会社で働きたいと考えている障がい者にとっては喜ばしいことなのですが、雇用する側の企業にとっては、更なる課題を抱えることになったとも言えます。
というのも、日本全体の半数以上の企業が法定雇用率を達成していない現状があり、自社でどのように障がい者雇用をしていくかが定まっていない企業も多いと思われるからです。
また、一方ではただ単に数合わせをするだけの雇用となってはいけない、という法定雇用率の裏に潜む問題点も最近の報道でよく耳にするようになりました。
障がい者雇用の「数」と「質」の両立という連立方程式をクリアしていくことこそが、いま求められています。
今回ご紹介するAERA の2つの記事では、そのような課題に対して理想的な取り組みをしている企業が3社取り上げられていました。
それぞれの事例を読み解きながら、障がい者雇用のあり方について考えてみたいと思います。
“「障害者もビジネスに不可欠な存在」 企業と障害者を切り離さないベネッセ特例子会社の挑戦(AERA2023年7月24日号より)”

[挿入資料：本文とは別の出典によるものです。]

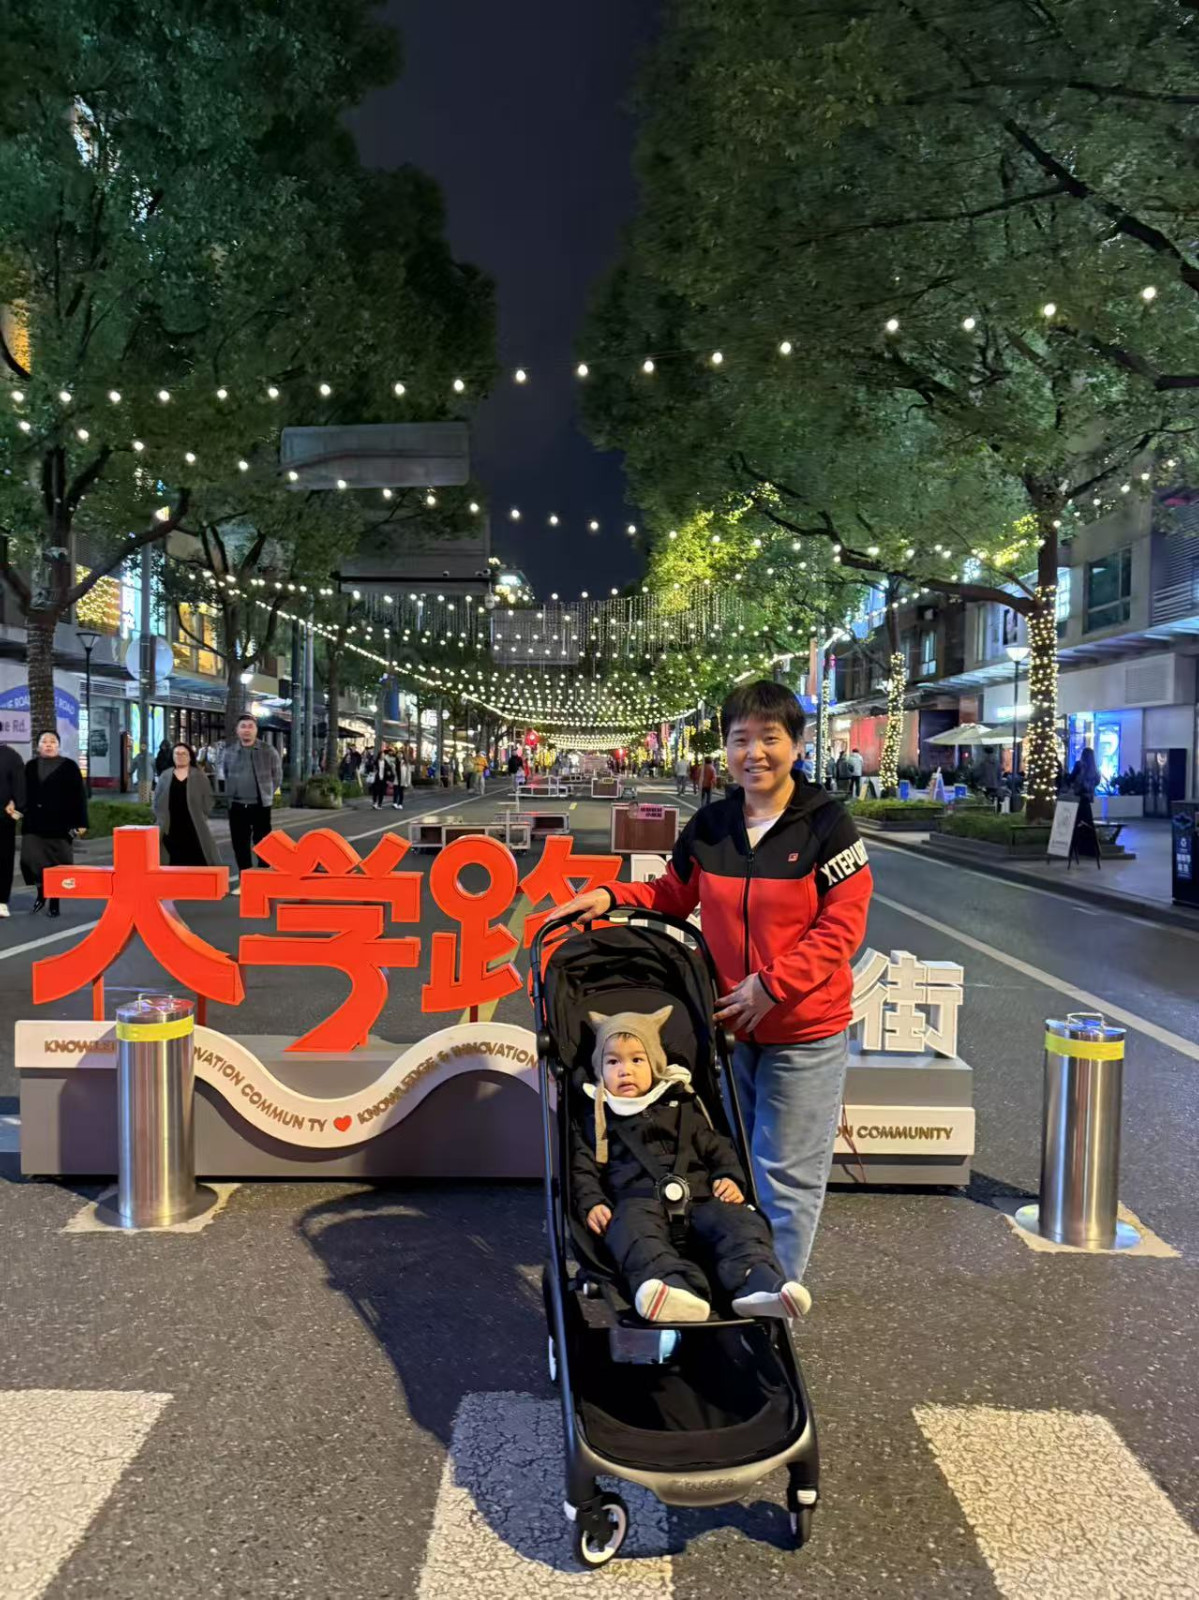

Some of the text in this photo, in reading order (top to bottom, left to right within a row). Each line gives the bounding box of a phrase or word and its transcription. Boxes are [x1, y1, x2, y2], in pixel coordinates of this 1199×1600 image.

[819, 837, 869, 886] XTEPU
[32, 825, 623, 1051] 大学路
[356, 1056, 437, 1125] KNOWLEDGE
[856, 1125, 953, 1140] COMMUNITY

”障害者も組織の一員として仕事する仕組みを導入 資生堂はキャリアアップ転籍、東京建物は在宅勤務制度
(AERA 2023年7月24日号の記事より)”
ベネッセビジネスメイトの事例
まず一つ目の記事では、進研ゼミでおなじみのベネッセコーポレーションの特例子会社「ベネッセビジネスメイト」が紹介されていました。
ここでの取り組みの興味深いところは、一般的な特例子会社と異なり、独立採算経営を維持している点です。
特例子会社であっても「市場競争力を持つ自立した会社」を目指すという高いビジョンを掲げており、相手が親会社であっても外部企業との競争のなかで、結果的に質の高いサービスにつながっているというわけです。
また、親会社からの業務依頼が、そのコア業務部分であるという点も特筆すべき点で、親会社と完全に切り離された環境で働く雇用ビジネスとの大きな違いである点に触れられています。
これは、そこで働く障がいのある社員にとっては常に親会社と直結した仕事をしているのだという一体感を感じることができ、結果的にモチベーションアップにつながっているのだと思いました。
そして、最も興味深いと感じたのが、以下の内容でした。
“「コロナ禍以降は特に、すぐには障害者の社員に任せられない難易度の高い業務依頼が増えました。しかし断れば、その部門からは二度と依頼が来なくなります。このため、パートスタッフがいったん業務を引き受けた後、障害のある社員も無理なく対応できる業務への再設計に知恵を絞る役割を指導員に求めました」”
つまり難易度の高い業務だとしても、指導員が知恵を絞って業務の再設計を行うことによって、障がいのある社員への仕事につなげているのです。
しかも、そういったノウハウは自社内に留まらず、ホームページ上でも公開しているというのですから、このことからもベネッセビジネスメイトの障がい者雇用に対しての高い志が伺えます。
資生堂(花椿ファクトリー)、東京建物の事例
2つ目の記事では2社取り上げらており、そのうちの1つである、資生堂の特例子会社「花椿ファクトリー」の取り組みが目を引きました。
それは「キャリアアップ転籍」制度です。
この言葉からすでにお察しかもしれませんが、資生堂では特例子会社の社員から、親会社である資生堂の社員に転籍出来るという制度があるというのです。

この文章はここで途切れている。